Quite a few people have been asking me recently whether I’ve changed my diet since I started training for the Manchester Marathon, or what they should eat for marathon training. I don’t pretend to be a sports nutritionist, but I have done quite a bit of reading on the subject and learned a lot about it! I usually have a pretty healthy diet anyway but have made a couple of adjustments over the last few weeks.

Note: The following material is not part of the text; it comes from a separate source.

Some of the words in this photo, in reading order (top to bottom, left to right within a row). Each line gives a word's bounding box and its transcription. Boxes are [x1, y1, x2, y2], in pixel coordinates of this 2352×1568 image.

The main tweak I’ve made to my diet is to think more about eating certain foods on certain days or at certain times… not in an obsessive kind of way, but basically eating carb-based meals before runs (especially long ones) for energy and protein-based ones afterwards to help with recovery. So, for example, if I’m running late morning (my preferred time) I’ll probably have porridge for breakfast, then a lunch with plenty of protein afterwards – favourites recently have been sardines/mackerel/eggs/beans/peanut butter on toast (not all at once!) or salad with tuna, avocado or mixed beans. Recently I’ve had a bit of a thing for Morrison’s tinned Mackerel in Spicy Tomato Sauce, it’s really tasty! If for some reason I can’t run til later on in the day I’ll probably have some homemade soup and a wholemeal roll for lunch beforehand, then a protein-based dinner including something like salmon, chicken or red meat afterwards. On a Saturday evening I usually have pasta, then for Sunday breakfast some porridge or toast to fuel me up for the long run – and ideally a roast dinner later! You get the idea. I think this has really helped me, certainly energy-wise.
I’ve also been trying to ensure that I get enough iron, as this is really important for distance runners – especially women, who need more iron anyway. I’ve been eating red meat once a week, am snacking occasionally on dried apricots and have become slightly obsessed with spinach, especially in curry!

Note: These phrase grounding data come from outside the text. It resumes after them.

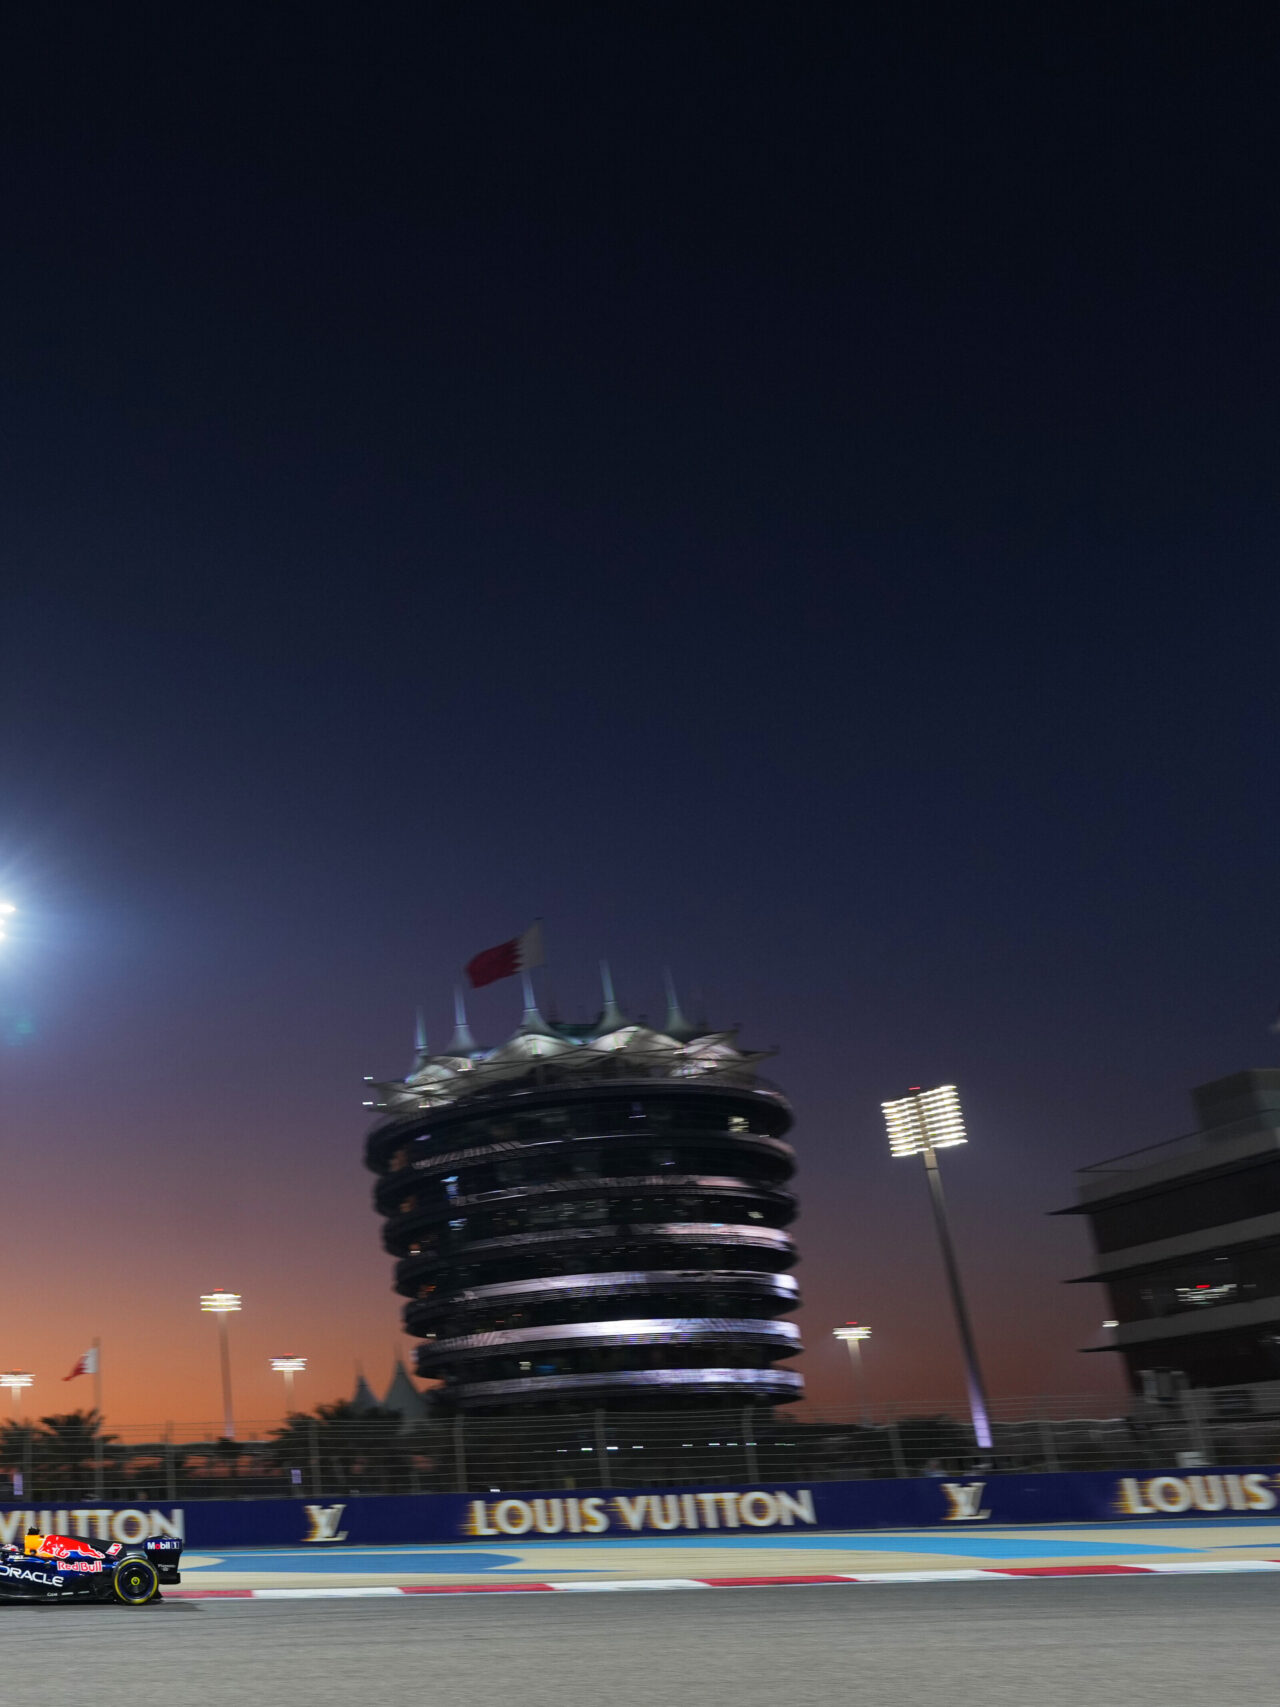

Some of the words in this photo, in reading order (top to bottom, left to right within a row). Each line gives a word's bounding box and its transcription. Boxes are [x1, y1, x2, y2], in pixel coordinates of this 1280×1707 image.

[1119, 1473, 1277, 1514] LOUIS
[468, 1497, 609, 1535] LOUIS
[615, 1490, 817, 1531] VUITTON
[147, 1541, 171, 1550] Mobil
[57, 1560, 79, 1572] Red
[80, 1560, 103, 1573] Bull

After long run it’s important to refuel quickly and well, so when I get home I usually make up my own chocolate recovery drink of whole milk, a banana and some cocoa, whizzed up with my hand blender; this is a combination of carbs and protein that can be absorbed really easily and get to work on refuelling and recovery very quickly. Chocolate milk is supposed to be really good for recovery and the cocoa in this does make it taste great! If I’ve had a shorter run or been cross-training I just eat a banana.
On days when I’ve done a hard or long run I’ve noticed that I’ve definitely been feeling hungrier than usual. Usually I don’t really feel the need to eat anything after dinner, but one Sunday night recently I woke up at 3am feeling so hungry I had to get up and eat something! So now on some days I have a bit of supper and don’t feel guilty about it. And before you start thinking how smug and perfect I am, I also have weaknesses! On long run days I do allow myself the odd treat like a bit of cake (usually homemade) or a couple of glasses of red wine.

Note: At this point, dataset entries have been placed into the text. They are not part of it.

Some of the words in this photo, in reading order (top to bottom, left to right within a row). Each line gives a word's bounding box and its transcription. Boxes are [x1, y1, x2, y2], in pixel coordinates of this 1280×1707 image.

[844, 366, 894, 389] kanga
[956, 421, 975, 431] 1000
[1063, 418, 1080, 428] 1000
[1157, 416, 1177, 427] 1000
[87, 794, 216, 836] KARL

I could go on about this sort of thing til the cows come home, but if you want to read about it in more detail I highly recommend Anita Bean’s Complete Guide to Sports Nutrition. A brand new edition of this has just come out and I’m very tempted to buy it as mine is a few years old now.
Anyway, here are my top nutritional tips for beginners training for a marathon, although they could probably apply to anybody doing any endurance exercise. At the risk of stating the obvious, you should already be eating a healthy, balanced diet – and this is certainly not the time to be following faddy regimes such as Atkins or Dukan or trying to shed the pounds. If you need to lose weight, you will!
Try to focus your eating on lean protein, good carbs, pulses, nuts and lots of fruit and veggies. This doesn’t have to be expensive – look out for special offers in the shops and plan meals around them.
Ditch the junk as much as possible – takeaways, bad carbs, booze and refined sugary things won’t do you any favours performance-wise. Think of your body as a performance car that needs quality refuelling!
Fats are essential for joint care and injury prevention, especially those found in foods such as nuts, seeds, oily fish and avocadoes. Make yourself a super salad dressing; mine contains flaxseed, olive and walnut oils, plus organic cider vinegar, herbs and mustard – fab!
Drink plenty of water, especially after runs. Even in cold weather you still sweat quite a bit.
Make sure you get some dairy in your diet – running is hard on the bones! If you’re vegan you might want to consider taking a calcium supplement.
Don’t be afraid to eat a bit more than usual as the mileage increases – you’re definitely burning more calories – but make sure it’s quality food.
If you’re a woman or a vegetarian (or both!), consider taking an iron supplement.
Hard training can suppress your immune system, leaving you prone to infection, so make sure you get plenty of antioxidants in your diet to boost it. A variety of brightly-coloured fruit and veg really help with this (and a bit of dark chocolate too!).
Hope this helps a bit. I’d love to know what you think and hear your own top tips for marathon nutrition and refuelling. I’ll write another post about fuelling up for and getting through race day closer to the time. Happy training!